Biden said the attack could come in the next "week" or "days" and that targets would include the capital Kyiv, "a city of 2.8 million innocent people."
The US leader insisted it was "not too late to de-escalate and return to the negotiating table," but warned that if an attack comes, the Russian president will have "slammed the door shut on diplomacy."
The Kremlin insists it has no plans to attack its neighbor, which has angered Russia by seeking long-term integration with NATO and the European Union.
However, the United States says that with an estimated 149,000 Russian troops on Ukraine's borders -- as many as 190,000, when including the Russian-backed separatist forces in the east -- it's only a matter of when.
Adding to jitters, Russia's defense ministry announced that Putin would personally oversee previously scheduled drills involving nuclear-capable missiles on Saturday.
And on the ground in Ukraine's disputed east, sporadic clashes fed a growing sense of dread.
An AFP reporter near the front between Ukrainian government forces and the pro-Russian territory in the Lugansk region heard explosions and saw damaged civilian buildings on Kyiv's side of the line.
There were growing fears that only a spark -- which Washington warns could be a deliberate "false flag" incident created by the Russians -- might now be needed to set off the largest military confrontation in Europe since World War II.
A US defense official said that more than 40 percent of the troops surrounding Ukraine were now "uncoiled" in a position to go on the offensive.
- 'Pariah' -
Biden spoke on Friday with fellow NATO allies in a conference call to cement plans for Western economic sanctions against Russia should its troops attack Ukraine.
"We continue to remain in lockstep," Biden said afterward.
According to a senior official, the sanctions package will be devastating.
"If Russia invades Ukraine, it would become a pariah to the international community," the deputy US national security advisor for international economics Daleep Singh told reporters. "It will become isolated from global financial markets and be deprived of the most sophisticated technological inputs."

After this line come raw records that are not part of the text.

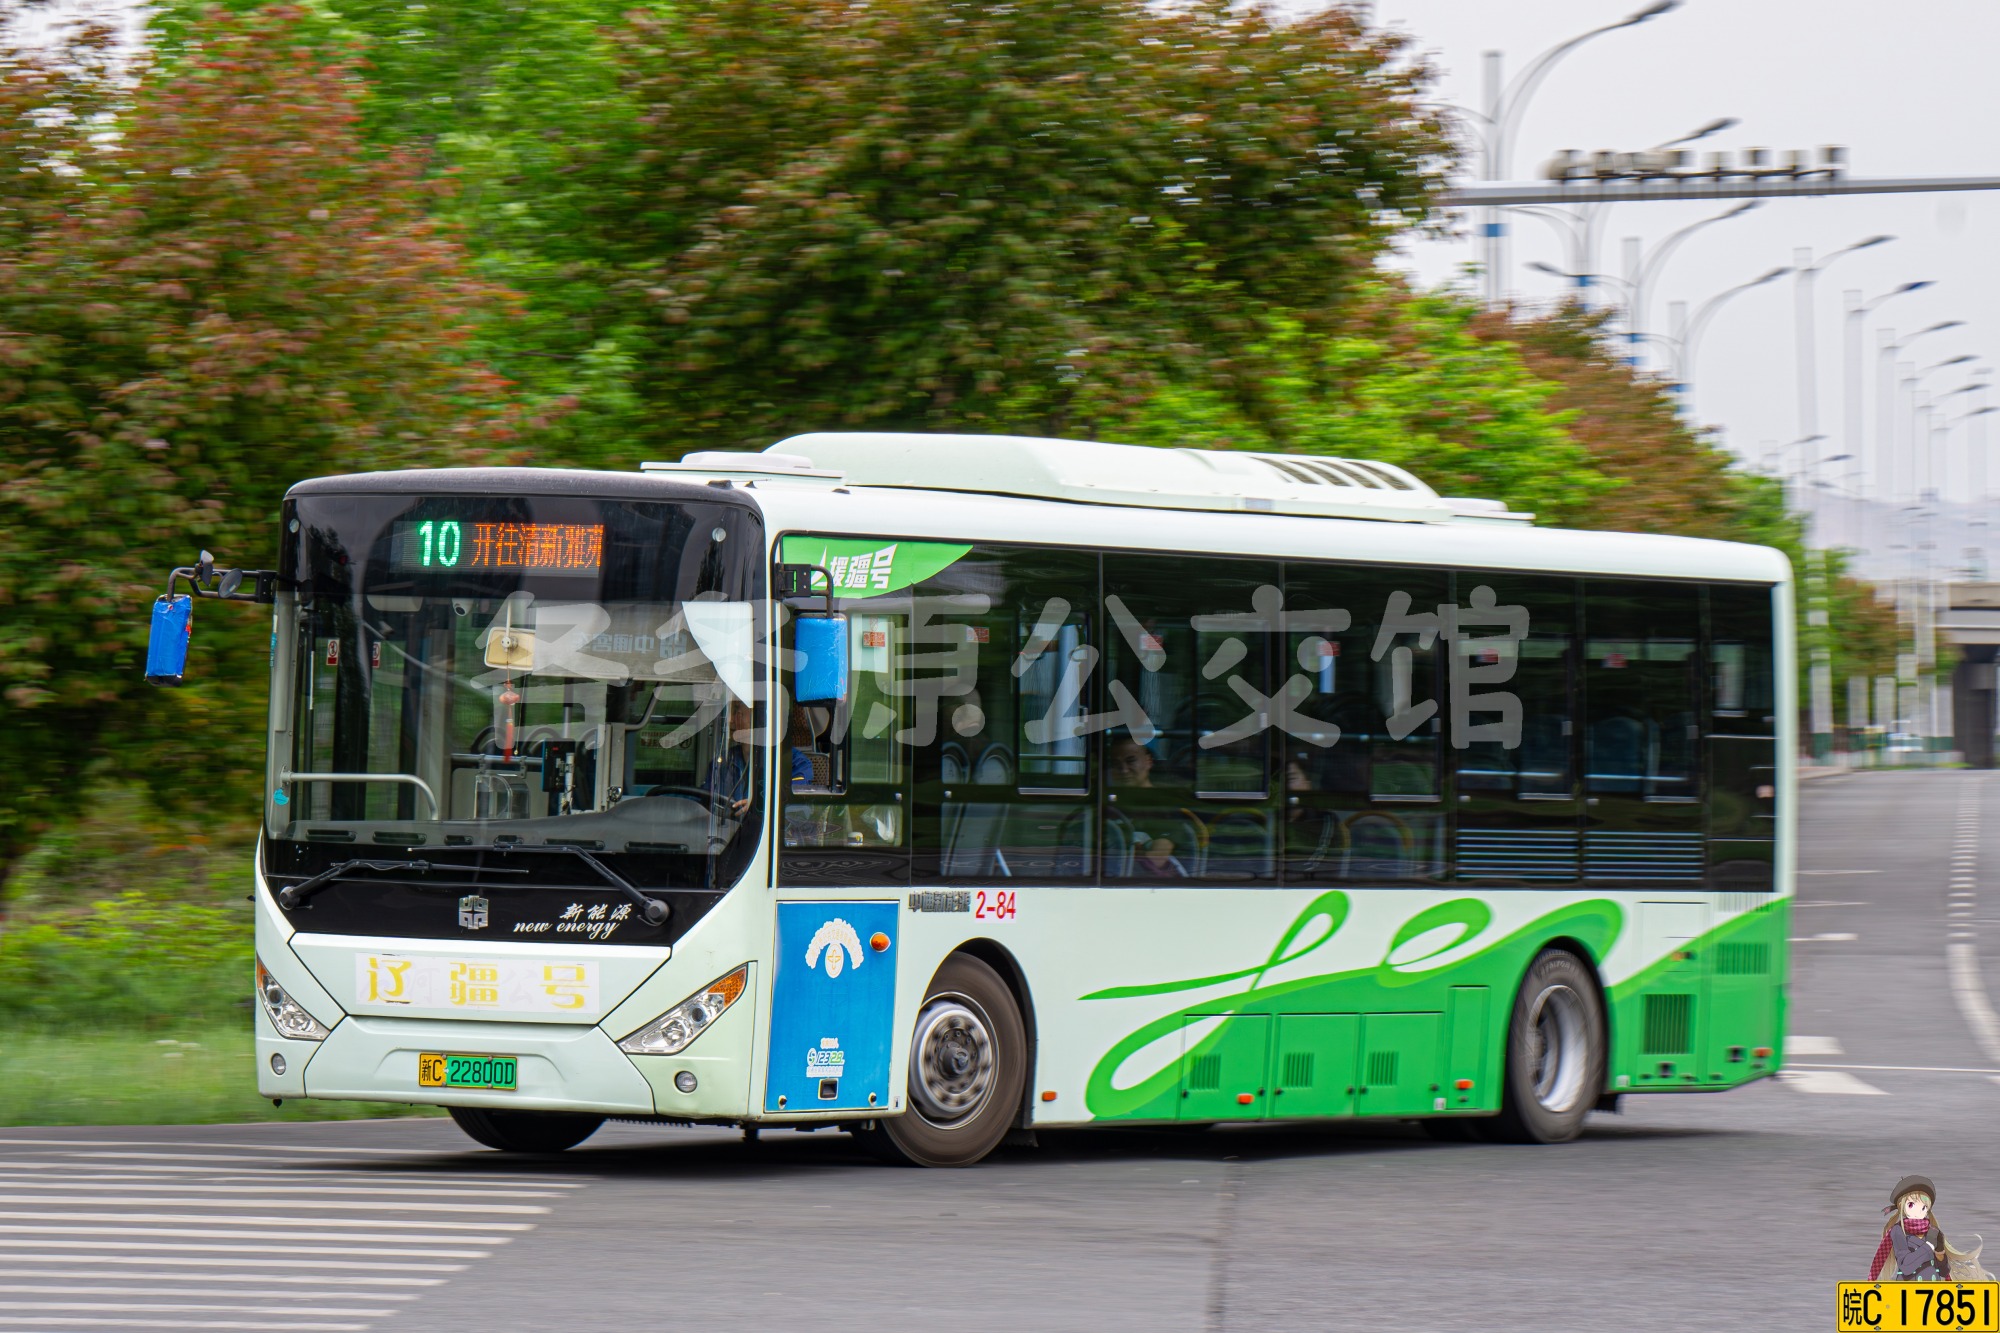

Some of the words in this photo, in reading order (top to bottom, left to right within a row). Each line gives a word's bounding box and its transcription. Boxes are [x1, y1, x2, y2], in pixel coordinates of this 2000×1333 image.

[418, 520, 461, 567] 10
[559, 902, 633, 921] 新能源
[975, 890, 1016, 919] 2-84
[513, 921, 553, 933] new
[556, 921, 620, 940] energy
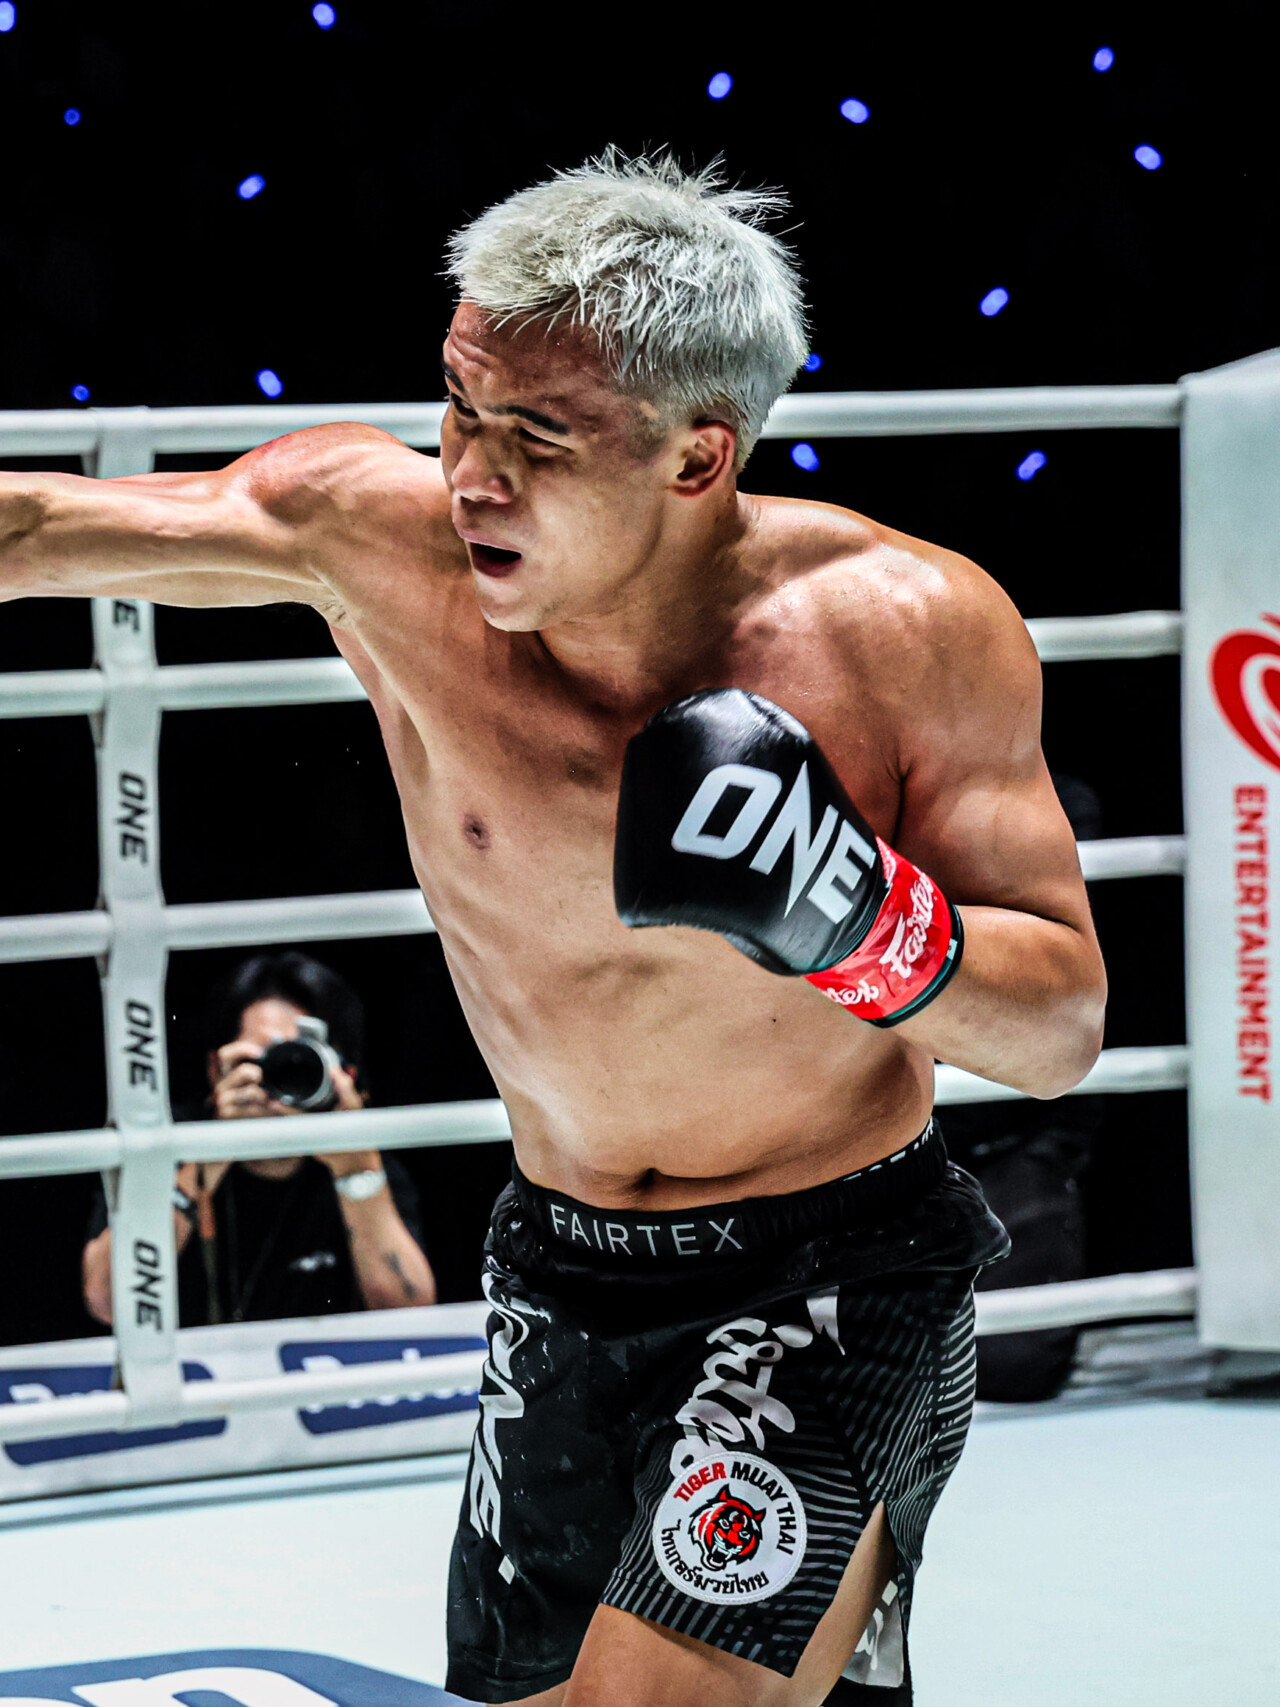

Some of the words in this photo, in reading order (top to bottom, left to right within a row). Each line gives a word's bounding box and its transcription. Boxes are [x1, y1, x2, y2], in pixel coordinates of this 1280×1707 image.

[116, 772, 149, 865] ONE
[671, 760, 877, 925] ONE
[1233, 784, 1272, 1104] ENTERTAINMENT
[123, 998, 158, 1094] ONE
[550, 1203, 743, 1256] FAIRTEX
[130, 1239, 164, 1334] ONE
[674, 1462, 727, 1502] TIGER
[730, 1461, 789, 1502] MUAY
[776, 1502, 797, 1556] THAI

Singh predicted "intense capital outflows, mounting pressure on its currency, surging inflation, higher borrowing costs, economic contraction, and the erosion of its productive capacity."
- 'False flags?' -
In the eastern separatist areas of Donetsk and Lugansk, Moscow-backed leaders sought to flip the narrative of Russia being the aggressor.
Accusing Kyiv of planning its own offensive to retake the eastern territories, they said the government's forces were carrying out sabotage missions. Civilians were ordered to evacuate.
But US Secretary of State Antony Blinken accused the Kremlin of mounting a propaganda campaign to create an excuse for war.
Blinken told the Munich conference what has happened "in the last 24 to 48 hours is part of a scenario that is already in place of creating false provocations, of then having to respond to those provocations and then ultimately committing new aggression against Ukraine."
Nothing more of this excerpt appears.